+++ Listed entries
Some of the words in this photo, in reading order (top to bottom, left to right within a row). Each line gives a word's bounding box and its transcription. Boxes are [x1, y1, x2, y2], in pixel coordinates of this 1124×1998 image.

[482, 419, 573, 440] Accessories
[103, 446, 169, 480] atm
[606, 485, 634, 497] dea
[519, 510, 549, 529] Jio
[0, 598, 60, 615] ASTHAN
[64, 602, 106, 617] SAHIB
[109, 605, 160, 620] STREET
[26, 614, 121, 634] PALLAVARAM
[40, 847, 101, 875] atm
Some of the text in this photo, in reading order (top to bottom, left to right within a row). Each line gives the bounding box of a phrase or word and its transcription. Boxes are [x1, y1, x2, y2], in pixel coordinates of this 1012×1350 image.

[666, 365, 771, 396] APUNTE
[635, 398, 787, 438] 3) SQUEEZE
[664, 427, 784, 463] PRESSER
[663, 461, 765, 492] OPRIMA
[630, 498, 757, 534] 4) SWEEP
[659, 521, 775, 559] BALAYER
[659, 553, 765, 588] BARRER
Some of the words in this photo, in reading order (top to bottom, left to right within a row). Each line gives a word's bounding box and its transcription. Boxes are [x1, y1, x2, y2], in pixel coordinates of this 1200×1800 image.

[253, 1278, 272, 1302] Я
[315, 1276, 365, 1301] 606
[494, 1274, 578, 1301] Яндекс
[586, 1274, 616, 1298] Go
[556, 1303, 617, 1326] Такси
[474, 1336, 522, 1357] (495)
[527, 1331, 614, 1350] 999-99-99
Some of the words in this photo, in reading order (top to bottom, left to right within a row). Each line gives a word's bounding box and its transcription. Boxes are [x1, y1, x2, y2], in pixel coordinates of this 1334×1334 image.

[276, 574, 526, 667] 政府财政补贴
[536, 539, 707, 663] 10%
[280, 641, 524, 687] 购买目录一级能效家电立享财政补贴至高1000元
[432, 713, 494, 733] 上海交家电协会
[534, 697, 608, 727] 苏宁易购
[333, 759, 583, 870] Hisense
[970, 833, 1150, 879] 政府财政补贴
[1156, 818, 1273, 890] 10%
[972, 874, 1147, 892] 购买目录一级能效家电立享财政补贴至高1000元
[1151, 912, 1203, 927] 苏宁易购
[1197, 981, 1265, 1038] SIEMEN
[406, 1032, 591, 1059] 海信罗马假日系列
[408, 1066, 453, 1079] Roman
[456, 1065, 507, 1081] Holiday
++++++
> [Exercise requirements] Output all records exactly, with nothing added or dropped.

> [Written solution]
Some of the words in this photo, in reading order (top to bottom, left to right within a row). Each line gives a word's bounding box and its transcription. Boxes are [x1, y1, x2, y2], in pixel coordinates of this 1124×1998 image.

[482, 419, 573, 440] Accessories
[103, 446, 169, 480] atm
[606, 485, 634, 497] dea
[519, 510, 549, 529] Jio
[0, 598, 60, 615] ASTHAN
[64, 602, 106, 617] SAHIB
[109, 605, 160, 620] STREET
[26, 614, 121, 634] PALLAVARAM
[40, 847, 101, 875] atm
Some of the text in this photo, in reading order (top to bottom, left to right within a row). Each line gives the bounding box of a phrase or word and its transcription. Boxes are [x1, y1, x2, y2], in pixel coordinates of this 1012×1350 image.

[666, 365, 771, 396] APUNTE
[635, 398, 787, 438] 3) SQUEEZE
[664, 427, 784, 463] PRESSER
[663, 461, 765, 492] OPRIMA
[630, 498, 757, 534] 4) SWEEP
[659, 521, 775, 559] BALAYER
[659, 553, 765, 588] BARRER
Some of the words in this photo, in reading order (top to bottom, left to right within a row). Each line gives a word's bounding box and its transcription. Boxes are [x1, y1, x2, y2], in pixel coordinates of this 1200×1800 image.

[253, 1278, 272, 1302] Я
[315, 1276, 365, 1301] 606
[494, 1274, 578, 1301] Яндекс
[586, 1274, 616, 1298] Go
[556, 1303, 617, 1326] Такси
[474, 1336, 522, 1357] (495)
[527, 1331, 614, 1350] 999-99-99
Some of the words in this photo, in reading order (top to bottom, left to right within a row). Each line gives a word's bounding box and its transcription. Boxes are [x1, y1, x2, y2], in pixel coordinates of this 1334×1334 image.

[276, 574, 526, 667] 政府财政补贴
[536, 539, 707, 663] 10%
[280, 641, 524, 687] 购买目录一级能效家电立享财政补贴至高1000元
[432, 713, 494, 733] 上海交家电协会
[534, 697, 608, 727] 苏宁易购
[333, 759, 583, 870] Hisense
[970, 833, 1150, 879] 政府财政补贴
[1156, 818, 1273, 890] 10%
[972, 874, 1147, 892] 购买目录一级能效家电立享财政补贴至高1000元
[1151, 912, 1203, 927] 苏宁易购
[1197, 981, 1265, 1038] SIEMEN
[406, 1032, 591, 1059] 海信罗马假日系列
[408, 1066, 453, 1079] Roman
[456, 1065, 507, 1081] Holiday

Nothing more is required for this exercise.